_DIRECTIONS_:
Write out the data again in full, keeping every character the same.

+++ RECORDS SHOWN

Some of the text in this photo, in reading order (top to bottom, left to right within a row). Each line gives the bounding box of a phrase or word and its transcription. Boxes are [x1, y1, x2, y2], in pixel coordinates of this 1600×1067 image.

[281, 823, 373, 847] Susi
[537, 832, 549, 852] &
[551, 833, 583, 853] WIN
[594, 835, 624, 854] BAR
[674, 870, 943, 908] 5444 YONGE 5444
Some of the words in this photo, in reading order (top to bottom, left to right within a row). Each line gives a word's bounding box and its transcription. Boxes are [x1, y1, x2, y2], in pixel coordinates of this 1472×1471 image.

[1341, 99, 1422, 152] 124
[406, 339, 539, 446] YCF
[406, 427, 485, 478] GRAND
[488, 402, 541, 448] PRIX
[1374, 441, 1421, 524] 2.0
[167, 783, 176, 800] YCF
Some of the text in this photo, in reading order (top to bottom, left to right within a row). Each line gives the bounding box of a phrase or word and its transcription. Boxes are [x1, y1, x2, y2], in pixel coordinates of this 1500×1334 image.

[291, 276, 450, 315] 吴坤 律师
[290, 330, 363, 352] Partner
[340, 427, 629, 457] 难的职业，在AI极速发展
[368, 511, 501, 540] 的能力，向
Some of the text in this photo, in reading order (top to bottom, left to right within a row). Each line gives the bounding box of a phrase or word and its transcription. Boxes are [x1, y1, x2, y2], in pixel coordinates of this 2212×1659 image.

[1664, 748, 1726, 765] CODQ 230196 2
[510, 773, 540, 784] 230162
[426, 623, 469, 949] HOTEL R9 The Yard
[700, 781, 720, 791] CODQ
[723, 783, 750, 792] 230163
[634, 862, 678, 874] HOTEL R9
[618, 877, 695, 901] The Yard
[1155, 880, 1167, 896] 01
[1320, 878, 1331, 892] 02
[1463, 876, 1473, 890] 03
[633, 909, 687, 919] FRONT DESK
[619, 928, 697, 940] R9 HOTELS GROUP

++++++

_EXERCISE RESPONSE_:
Some of the text in this photo, in reading order (top to bottom, left to right within a row). Each line gives the bounding box of a phrase or word and its transcription. Boxes are [x1, y1, x2, y2], in pixel coordinates of this 1600×1067 image.

[281, 823, 373, 847] Susi
[537, 832, 549, 852] &
[551, 833, 583, 853] WIN
[594, 835, 624, 854] BAR
[674, 870, 943, 908] 5444 YONGE 5444
Some of the words in this photo, in reading order (top to bottom, left to right within a row). Each line gives a word's bounding box and its transcription. Boxes are [x1, y1, x2, y2], in pixel coordinates of this 1472×1471 image.

[1341, 99, 1422, 152] 124
[406, 339, 539, 446] YCF
[406, 427, 485, 478] GRAND
[488, 402, 541, 448] PRIX
[1374, 441, 1421, 524] 2.0
[167, 783, 176, 800] YCF
Some of the text in this photo, in reading order (top to bottom, left to right within a row). Each line gives the bounding box of a phrase or word and its transcription. Boxes are [x1, y1, x2, y2], in pixel coordinates of this 1500×1334 image.

[291, 276, 450, 315] 吴坤 律师
[290, 330, 363, 352] Partner
[340, 427, 629, 457] 难的职业，在AI极速发展
[368, 511, 501, 540] 的能力，向
Some of the text in this photo, in reading order (top to bottom, left to right within a row). Each line gives the bounding box of a phrase or word and its transcription. Boxes are [x1, y1, x2, y2], in pixel coordinates of this 2212×1659 image.

[1664, 748, 1726, 765] CODQ 230196 2
[510, 773, 540, 784] 230162
[426, 623, 469, 949] HOTEL R9 The Yard
[700, 781, 720, 791] CODQ
[723, 783, 750, 792] 230163
[634, 862, 678, 874] HOTEL R9
[618, 877, 695, 901] The Yard
[1155, 880, 1167, 896] 01
[1320, 878, 1331, 892] 02
[1463, 876, 1473, 890] 03
[633, 909, 687, 919] FRONT DESK
[619, 928, 697, 940] R9 HOTELS GROUP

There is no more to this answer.